To safe time, we only load 10% of the dataset.

In [20]:
from datasets import load_dataset

import evaluate
metric = evaluate.load("squad_v2")

# load 10% of the data to safe time
# metric = load_metric("squad_v2")
dataset = load_dataset("squad_v2", split="validation[:10%]")

print(f"length of dataset {len(dataset)}")
#length of dataset 1187

length of dataset 1187


In [21]:
def evaluate(example):
  default = optimum_qa(question=example["question"], context=example["context"])
  optimized = opt_optimum_qa(question=example["question"], context=example["context"])
  quantized = quantized_optimum_qa(question=example["question"], context=example["context"])
  return {
      'reference': {'id': example['id'], 'answers': example['answers']},
      'default': {'id': example['id'],'prediction_text': default['answer'], 'no_answer_probability': 0.},
      'optimized': {'id': example['id'],'prediction_text': optimized['answer'], 'no_answer_probability': 0.},
      'quantized': {'id': example['id'],'prediction_text': quantized['answer'], 'no_answer_probability': 0.},
      }

result = dataset.map(evaluate)

Map: 100%|██████████| 1187/1187 [05:19<00:00,  3.72 examples/s]

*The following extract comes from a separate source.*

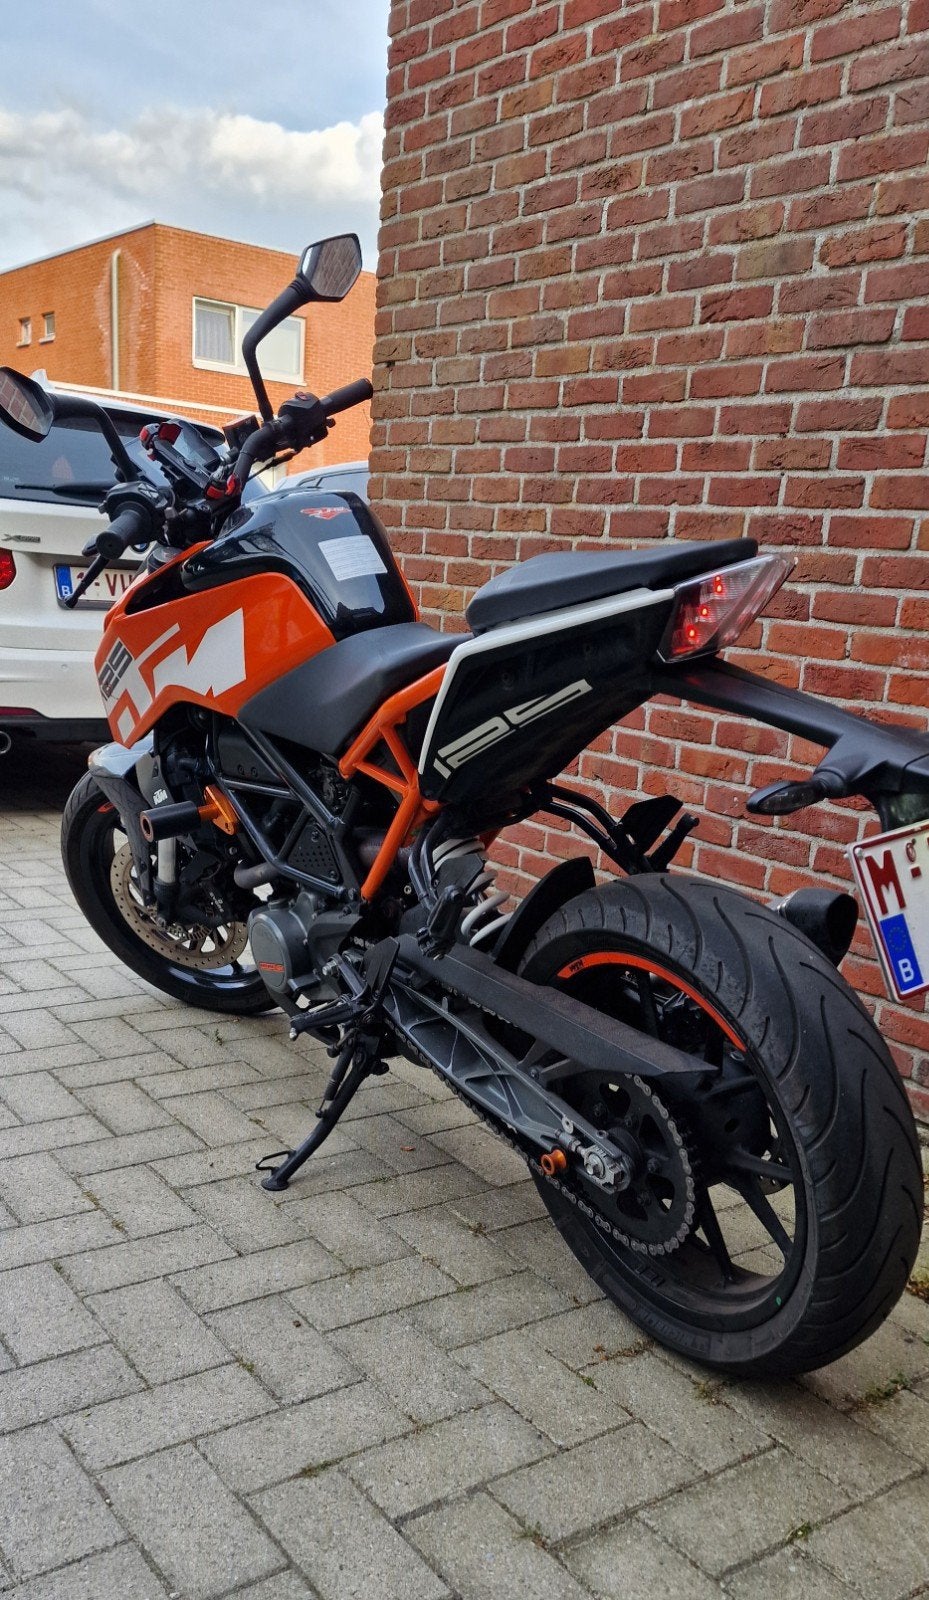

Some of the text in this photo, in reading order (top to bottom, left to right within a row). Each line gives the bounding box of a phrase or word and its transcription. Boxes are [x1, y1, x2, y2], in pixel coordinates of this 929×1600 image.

[61, 585, 71, 597] B
[433, 679, 593, 780] 125
[153, 788, 168, 805] KTM
[898, 958, 915, 983] B

Now lets compare the results



In [22]:
default_acc = metric.compute(predictions=result["default"], references=result["reference"])
optimized = metric.compute(predictions=result["optimized"], references=result["reference"])
quantized = metric.compute(predictions=result["quantized"], references=result["reference"])

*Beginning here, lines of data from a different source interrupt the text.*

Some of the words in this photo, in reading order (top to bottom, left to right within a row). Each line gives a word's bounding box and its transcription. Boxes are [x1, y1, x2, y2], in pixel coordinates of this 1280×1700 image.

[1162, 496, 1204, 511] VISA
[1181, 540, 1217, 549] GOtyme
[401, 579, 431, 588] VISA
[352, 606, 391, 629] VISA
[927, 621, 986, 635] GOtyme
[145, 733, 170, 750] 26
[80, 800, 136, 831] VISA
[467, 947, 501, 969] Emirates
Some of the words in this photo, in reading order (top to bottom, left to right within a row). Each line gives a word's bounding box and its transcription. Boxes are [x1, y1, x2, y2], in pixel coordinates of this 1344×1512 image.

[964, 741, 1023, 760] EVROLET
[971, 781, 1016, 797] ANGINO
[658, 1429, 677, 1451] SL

print(f"vanilla model: exact={default_acc['exact']}% f1={default_acc['f1']}%")
print(f"optimized model: exact={quantized['exact']}% f1={optimized['f1']}%")
print(f"quantized model: exact={quantized['exact']}% f1={quantized['f1']}%")

# vanilla model: exact=81.12889637742207% f1=83.27089343306695%
# quantized model: exact=80.6234203875316% f1=82.86541222514259%

vanilla model: exact=81.12889637742207% f1=83.27089343306695%
optimized model: exact=80.45492839090143% f1=83.27089343306695%
quantized model: exact=80.45492839090143% f1=82.63289411141132%


The quantized model achived an exact match of 80.62% and an f1 score of 82.86% which is 99% of the original model.

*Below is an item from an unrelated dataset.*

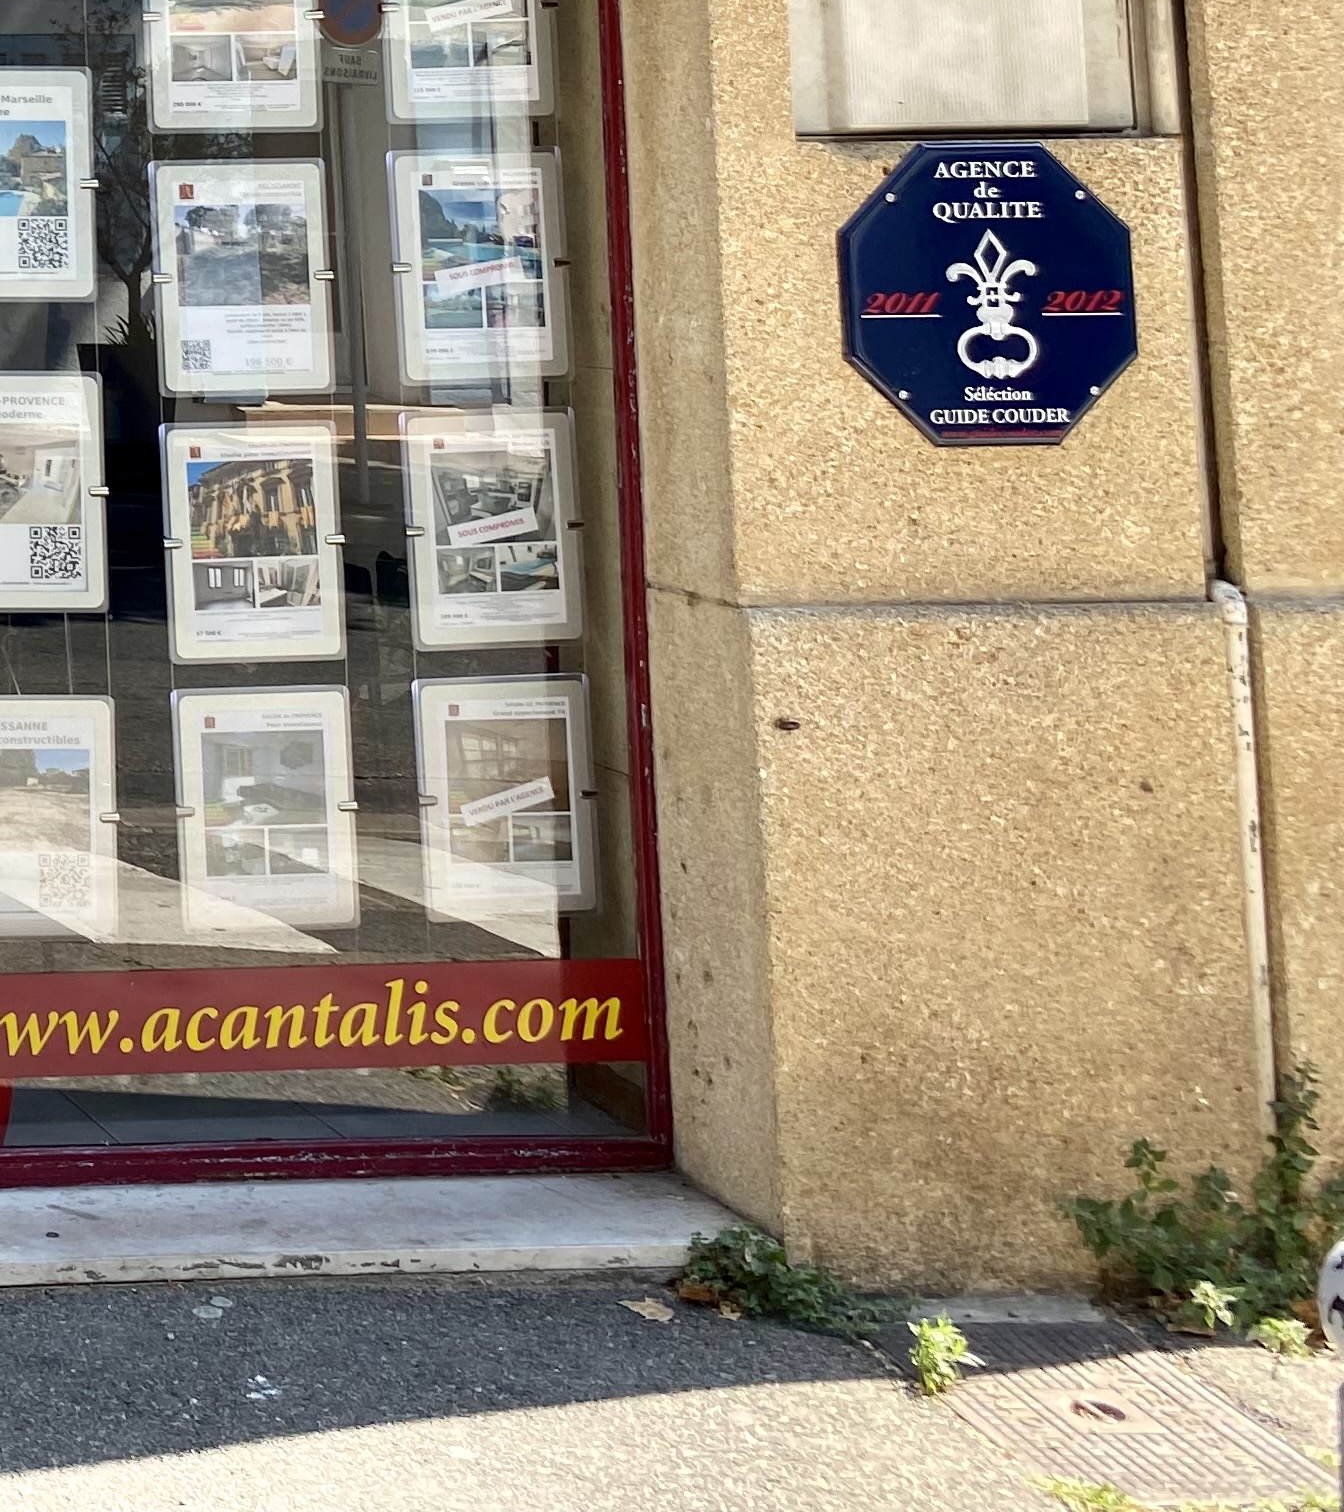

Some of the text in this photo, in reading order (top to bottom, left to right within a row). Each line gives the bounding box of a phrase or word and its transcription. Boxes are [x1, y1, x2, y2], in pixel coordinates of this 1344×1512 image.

Okay, let's test the performance (latency) of our optimized and quantized model.

But first, let’s extend our context and question to a more meaningful sequence length of 128.

In [23]:
context="Hello, my name is Philipp and I live in Nuremberg, Germany. Currently I am working as a Technical Lead at Hugging Face to democratize artificial intelligence through open source and open science. In the past I designed and implemented cloud-native machine learning architectures for fin-tech and insurance companies. I found my passion for cloud concepts and machine learning 5 years ago. Since then I never stopped learning. Currently, I am focusing myself in the area NLP and how to leverage models like BERT, Roberta, T5, ViT, and GPT2 to generate business value."
question="As what is Philipp working?"

To keep it simple, we are going to use a python loop and calculate the avg/mean latency for our vanilla model and for the optimized and quantized model.



In [24]:
from time import perf_counter
import numpy as np

def measure_latency(pipe):
    latencies = []
    # warm up
    for _ in range(10):
        _ = pipe(question=question, context=context)
    # Timed run
    for _ in range(100):
        start_time = perf_counter()
        _ =  pipe(question=question, context=context)
        latency = perf_counter() - start_time
        latencies.append(latency)
    # Compute run statistics
    time_avg_ms = 1000 * np.mean(latencies)
    time_std_ms = 1000 * np.std(latencies)
    return f"Average latency (ms) - {time_avg_ms:.2f} +\- {time_std_ms:.2f}"

print(f"Vanilla model {measure_latency(optimum_qa)}")
print(f"Optimized model {measure_latency(opt_optimum_qa)}")
print(f"Quantized model {measure_latency(quantized_optimum_qa)}")

# Vanilla model Average latency (ms) 102
# Optimized model Average latency (ms) 101
# Quantized model Average latency (ms) 46

Vanilla model Average latency (ms) - 86.95 +\- 7.75
Optimized model Average latency (ms) - 85.69 +\- 7.62
Quantized model Average latency (ms) - 70.74 +\- 2.71


We managed to reduce our model latency from 102ms to 46ms or by 55%, while keeping 99% of the accuracy.